By opening Windows Command Prompt as an administrator and then running reg delete HKEY_CLASSES_ROOT\ms-msdt /f, users can disable MSDT’s URL protocol† Microsoft recommends that you backup the registry key first, by running reg export HKEY_CLASSES_ROOT\ms-msdt filename. The workaround can then be undone with the command reg import filename and the auxiliary software can be started again.
Microsoft is publishing the advisory after a zero-day leak was found in the Microsoft Support Diagnostic Tool. The vulnerability concerns calling this tool by means of a URL, for example via a Word document.
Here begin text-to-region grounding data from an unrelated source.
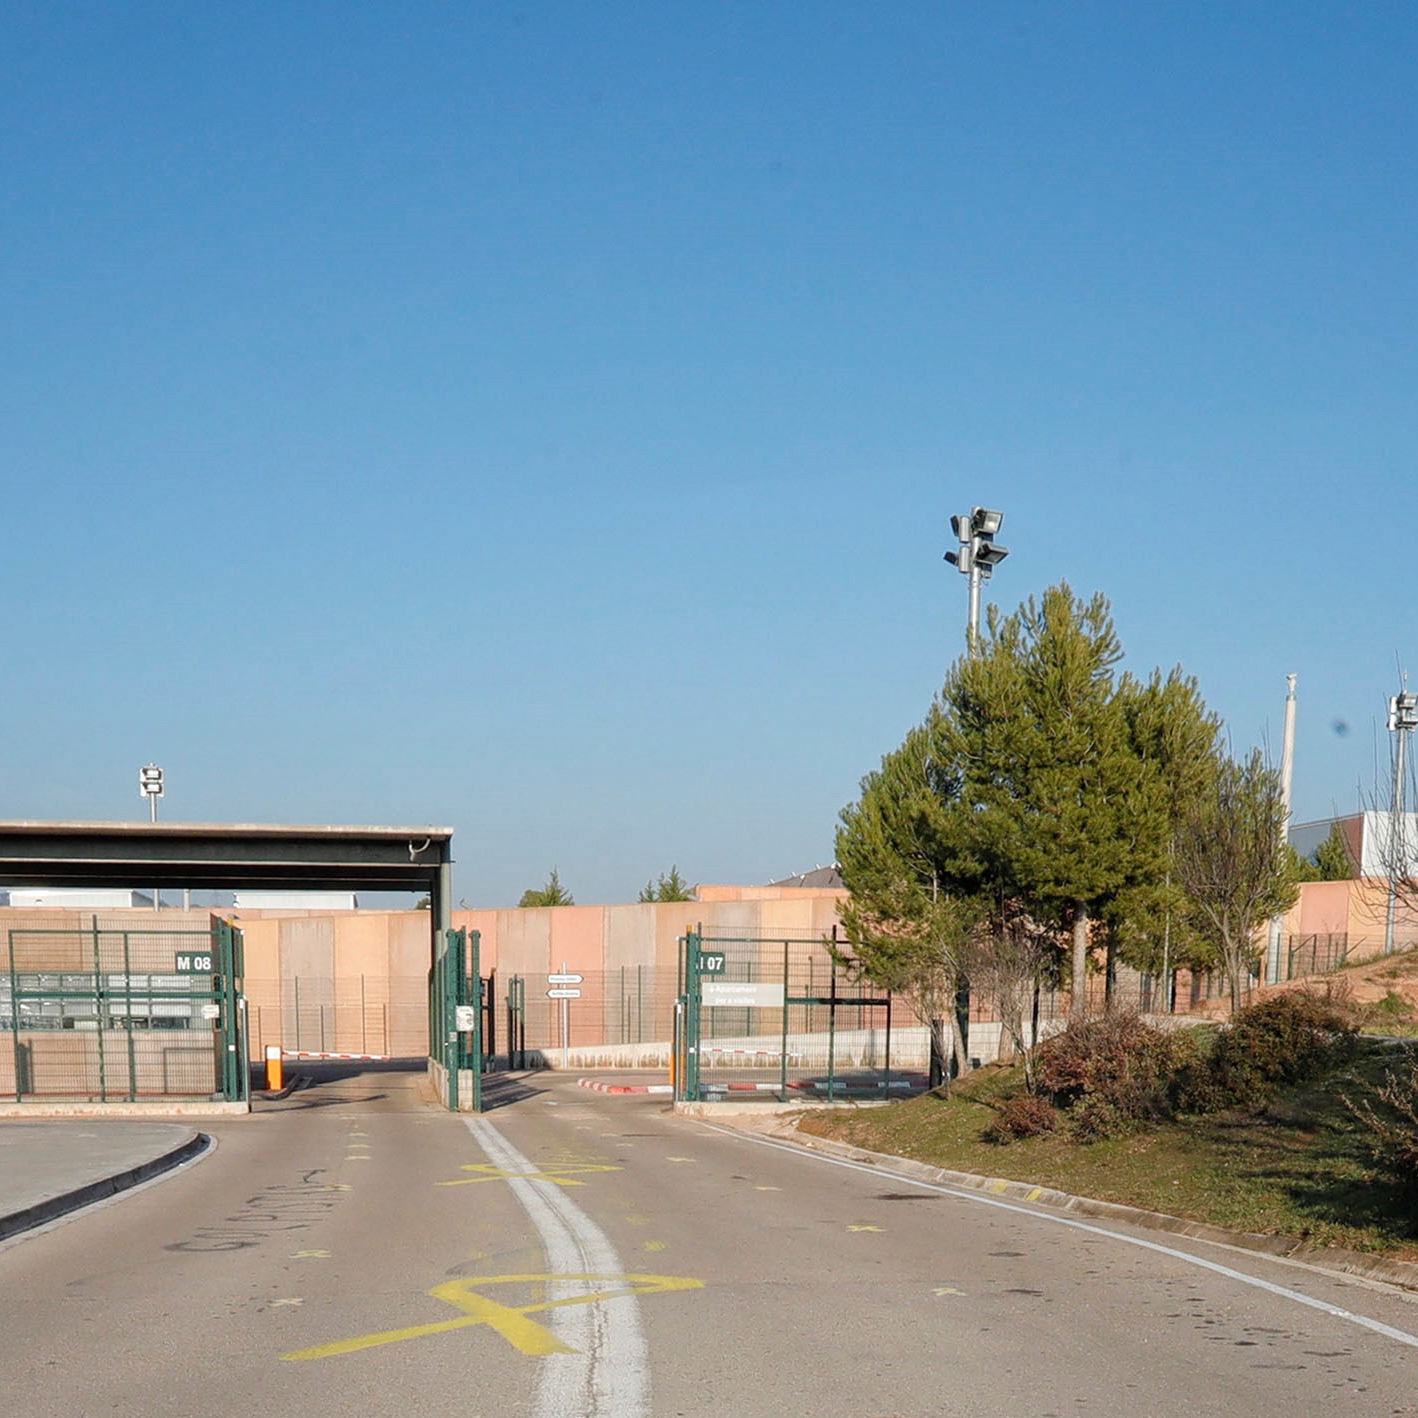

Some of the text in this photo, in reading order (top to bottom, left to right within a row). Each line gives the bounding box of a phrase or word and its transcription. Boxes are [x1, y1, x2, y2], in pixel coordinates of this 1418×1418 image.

[177, 956, 211, 970] M 08
[707, 956, 723, 970] 07
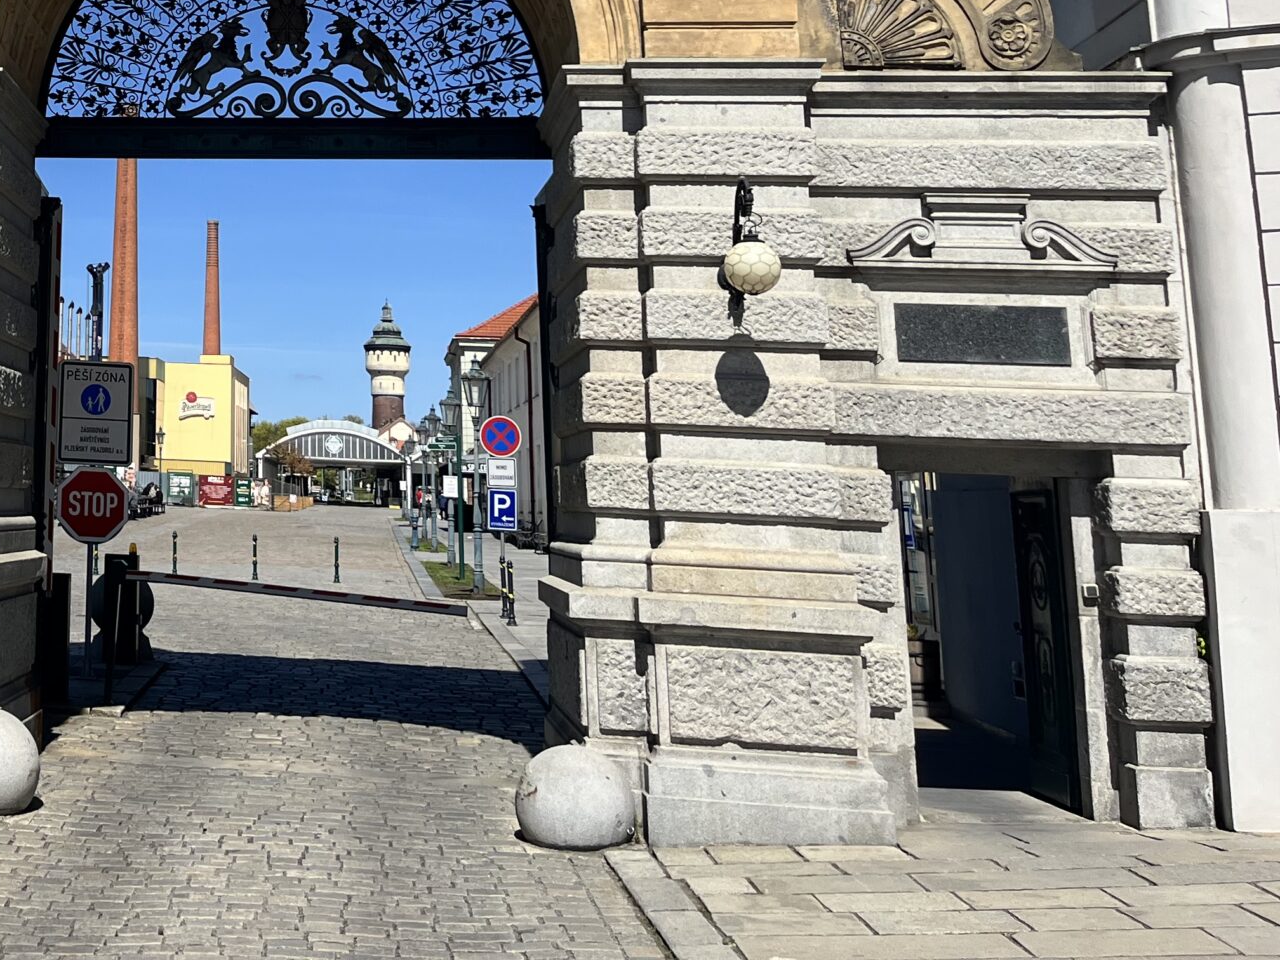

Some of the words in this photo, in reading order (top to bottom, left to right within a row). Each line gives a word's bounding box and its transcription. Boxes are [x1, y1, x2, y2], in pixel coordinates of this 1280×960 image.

[66, 368, 93, 382] PĚŠÍ
[95, 369, 126, 383] ZÓNA
[68, 491, 118, 517] STOP
[494, 494, 511, 517] P
An attacker who exploits it could remotely execute arbitrary code with the privileges of the program that calls the URL protocol, such as the aforementioned Word. The vulnerability is labeled CVE-2022-30190 and affects Windows versions from Windows 7 through Windows 11 and Windows Server 2022.
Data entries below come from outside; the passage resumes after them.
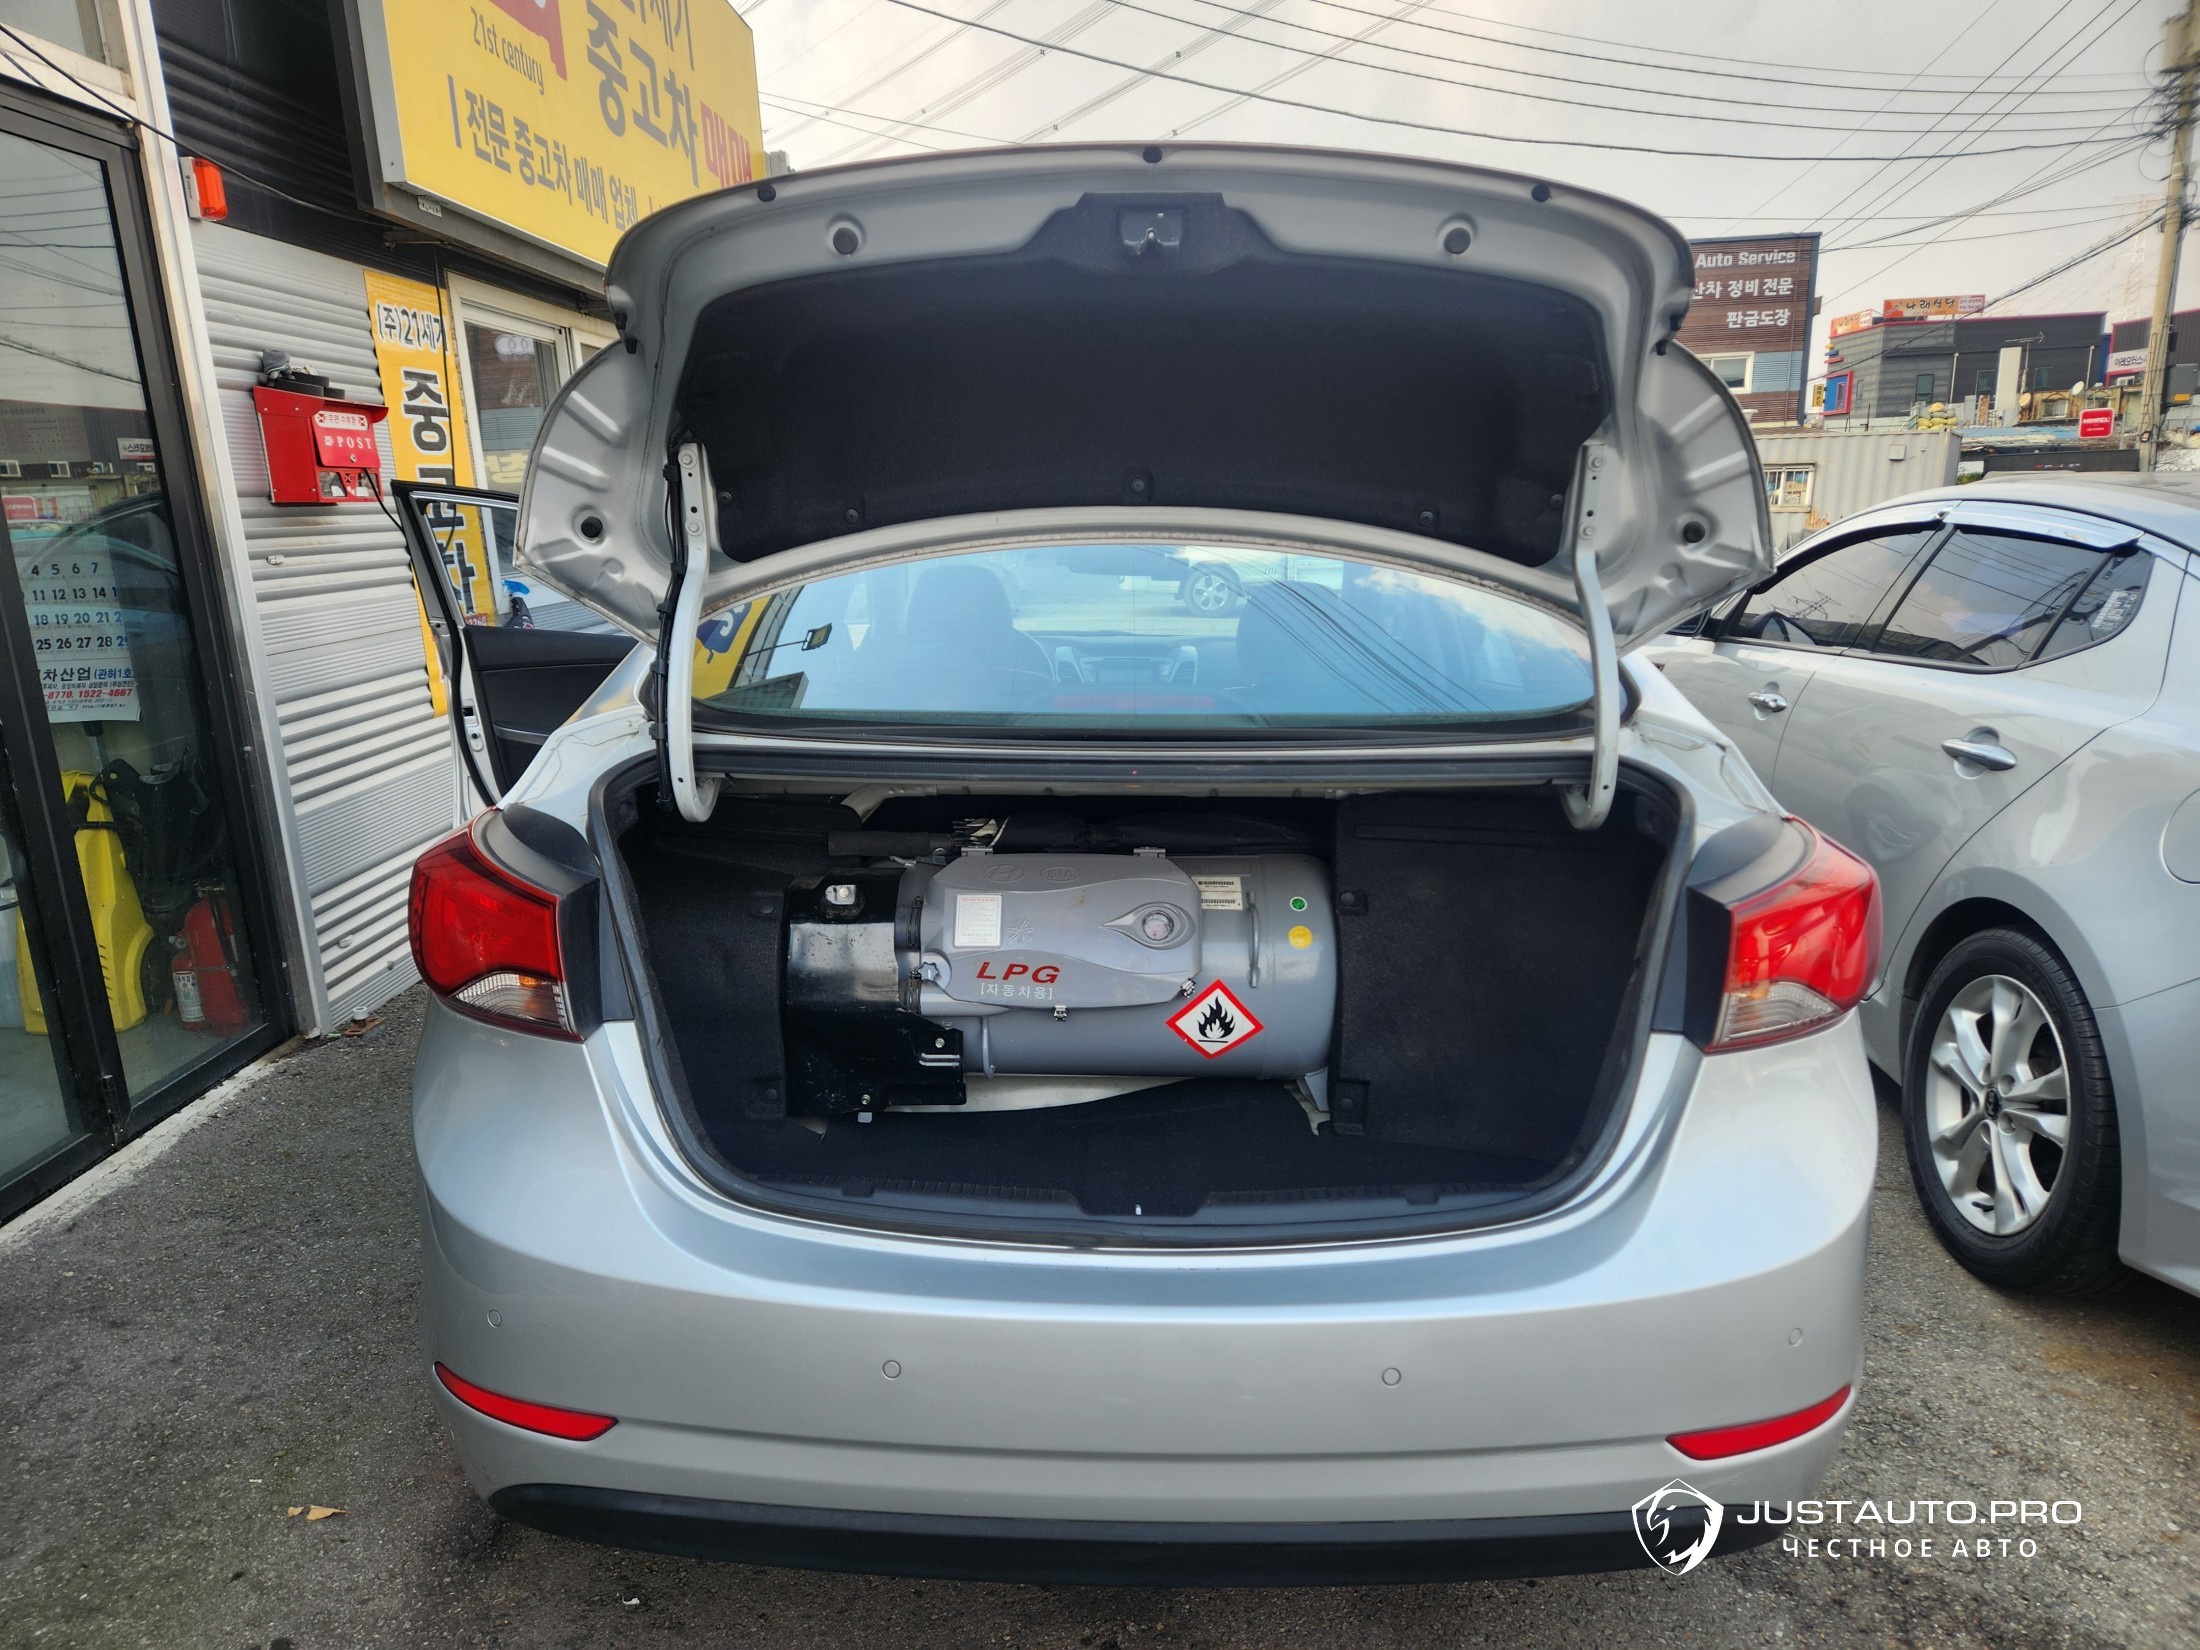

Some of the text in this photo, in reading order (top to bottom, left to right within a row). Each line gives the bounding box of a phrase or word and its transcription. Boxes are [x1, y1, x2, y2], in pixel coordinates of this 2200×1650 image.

[470, 6, 544, 96] 21st century
[587, 2, 700, 188] 중고차
[464, 88, 512, 174] 전문
[513, 115, 572, 206] 중고차
[573, 156, 610, 225] 매매
[1694, 249, 1796, 269] Auto Service
[1728, 279, 1759, 298] 정비
[1762, 277, 1793, 296] 전문
[1726, 308, 1790, 329] 판금도장
[336, 435, 372, 449] POST
[31, 562, 98, 576] 4 5 6 7
[32, 589, 46, 601] 11
[52, 588, 66, 600] 12
[72, 587, 86, 599] 13
[92, 587, 106, 598] 14
[34, 614, 49, 626] 18
[54, 613, 69, 625] 19
[74, 612, 90, 624] 20
[96, 611, 109, 623] 21
[36, 638, 52, 650] 25
[56, 637, 72, 650] 26
[76, 636, 92, 648] 27
[97, 636, 113, 648] 28
[38, 666, 91, 682] 차산업
[78, 688, 133, 698] 1522-4667
[976, 961, 1060, 984] LPG
[981, 982, 1053, 1000] [자동차용]
Security researchers discovered the vulnerability over the past weekend and gave these the name Follina† It was suspected that it was an Office vulnerability, but according to Microsoft it concerns the way in which the URL protocol of MSDT is called within Windows. The researchers found a doc file with an https: URL that actually activated ms-msdt: with JavaScript code, and with it the diagnostic tool. Using the command line, attackers can thus launch the Program Compatibility Troubleshooter and simultaneously launch PowerShell scripts, such as downloading and launching malware.